O mais importante: naquele Natal, alguém mais também o havia convidado...
Na pequena casa nos arredores da cidade, Li Ang trouxe alguns feixes de lenha. Ao abrir a porta e ver a mulher pintando, ficou parado por alguns segundos.
— O que foi? — Nicole percebeu que Li Ang não se movia, desviou o olhar da tela e olhou para ele.
— Nada, só está muito frio lá fora — respondeu ele, encolhendo os ombros e colocando a lenha na lareira.
De fato, aquela lareira americana era excelente para aquecer, mais eficiente que qualquer ar-condicionado. Lá fora, a neve caía pesada, mas dentro de casa bastava uma roupa leve.
Li Ang sentou-se, tomou um gole d’água e olhou novamente para Nicole. Ela usava apenas um vestido preto largo, sentada diante do cavalete, pintando a paisagem nevada vista pela janela. O vestido curto deixava à mostra a curva das coxas.
Havia nela um ar artístico misturado a uma sensualidade crua. Era o que se chama de pura sedução e inocência combinadas. Aquela aura das estudantes de arte, de fato, era inconfundível.

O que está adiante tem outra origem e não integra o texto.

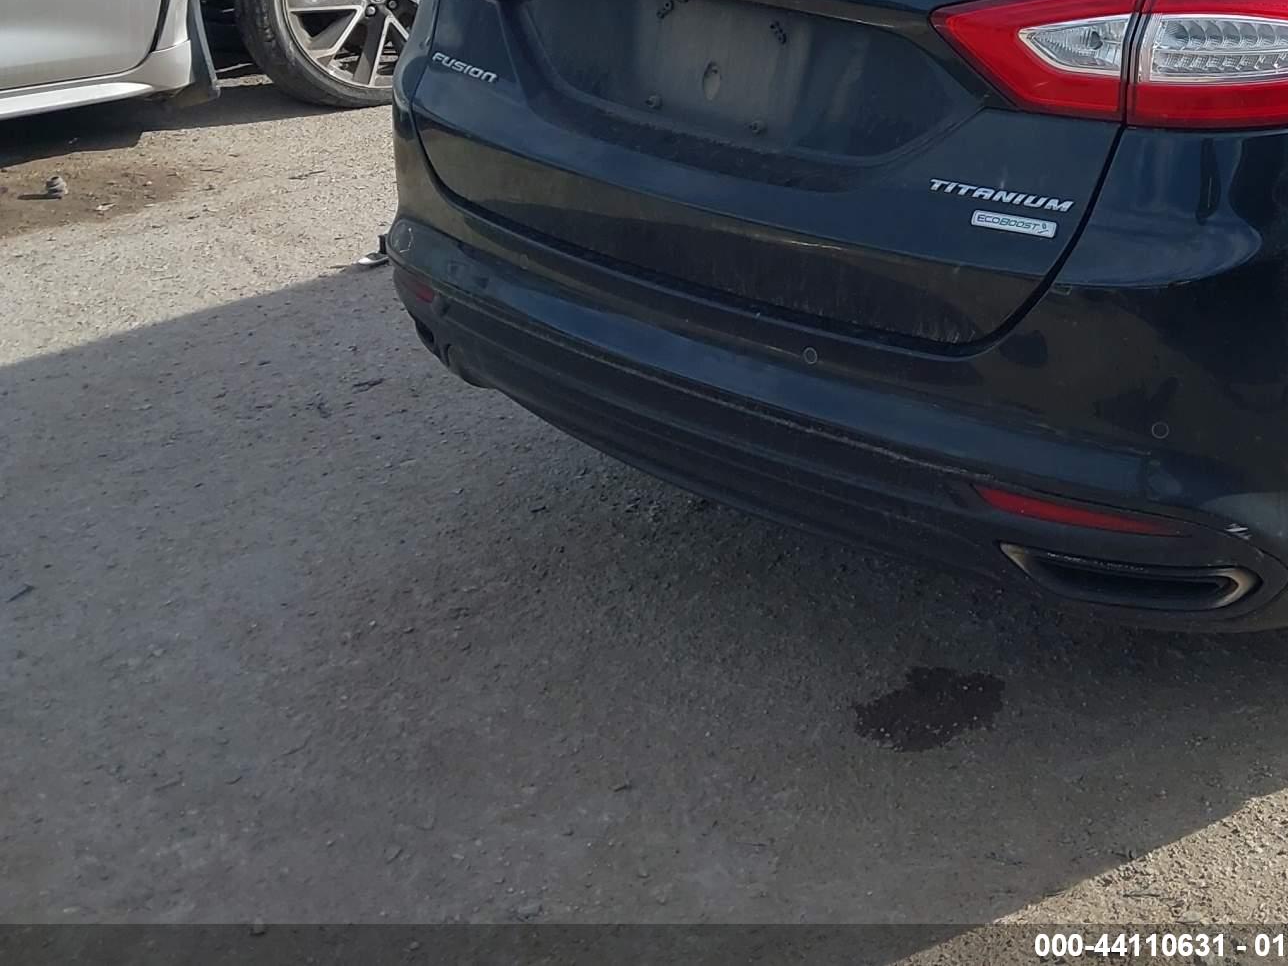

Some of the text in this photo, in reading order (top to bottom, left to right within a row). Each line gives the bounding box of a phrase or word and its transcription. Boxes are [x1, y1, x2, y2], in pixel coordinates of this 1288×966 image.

[432, 52, 498, 83] FUSION
[930, 178, 1074, 212] TITANIUM
[976, 214, 1040, 230] ECOBOOST

Notando o olhar de Li Ang, Nicole cruzou as pernas, inclinou a cabeça e sorriu:
— Li, aconteceu alguma coisa?
— Não... está tudo muito bonito. Digo, não suas pernas. Quero dizer, a pintura está linda.
— Obrigada! — Nicole sorriu e voltou a sua obra. Não se sabia se estava feliz pelo elogio às pernas ou à pintura.
Dias antes, Nicole ligara convidando Li Ang para acompanhá-la ao campo para pintar. Amava retratar a neve, mas nunca tinha oportunidade, pois sempre voltava para casa nas festas. Este ano, decidiu passar o feriado fora e convidou Li Ang para ir junto.
Li Ang, que em sua vida anterior nunca conhecera um inverno rigoroso, aproveitou a oportunidade. Inicialmente, seriam três pessoas — Nicole levaria também a amiga de cabelos escuros, Ellie. Contudo, na véspera da viagem, Nicole avisou que Ellie não poderia ir; assim, o feriado seria apenas dos dois.
Li Ang não sabia se Ellie realmente tivera um imprevisto ou se nunca fora convidada de verdade. Melhor não investigar — detalhes assim podiam ser assustadores. Os pensamentos das mulheres não se decifram.
No fim, alugaram juntos uma pequena casa com grandes janelas, onde podiam admirar a paisagem sem sair. Apesar de ambos economizarem em tudo, Francis não hesitava em gastar para brindar os amigos nas festas. E Li Ang também não poupava para ver a neve.
Esses dois irmãos ilustravam perfeitamente o conceito de saber onde economizar e onde gastar!
À noite, os dois cozinharam juntos. Nicole, criada com mimo desde pequena, conseguiu deixar o bife queimado por fora e cru por dentro. Li Ang, gentil, descreveu como “crocante por fora, macio por dentro” — eis a arte das palavras.
Quando Li Ang preparou um arroz frito delicioso com facilidade, Nicole ficou surpresa:
— Não esperava que você tivesse tanto jeito!
Li Ang riu. Isso não era nada! Sabia fazer arroz com cebolinha, arroz com frutos do mar, arroz de todo tipo.
Depois do jantar, Nicole quis passear lá fora. Li Ang estranhou — no interior, neve por todos os lados, quase ninguém por perto. E ela queria caminhar?
Não é à toa que os filmes de terror americanos sempre começam com jovens entediados se arriscando sem motivo — faz todo sentido.
Mesmo assim, Li Ang levou uma lanterna e um taco de beisebol, por precaução. Homens precisam se proteger.
Assim que saíram, Nicole segurou naturalmente o braço de Li Ang, colando-se a ele:
— Está tão frio... vamos nos aproximar mais.
A neve, de fato, era o melhor dos cenários.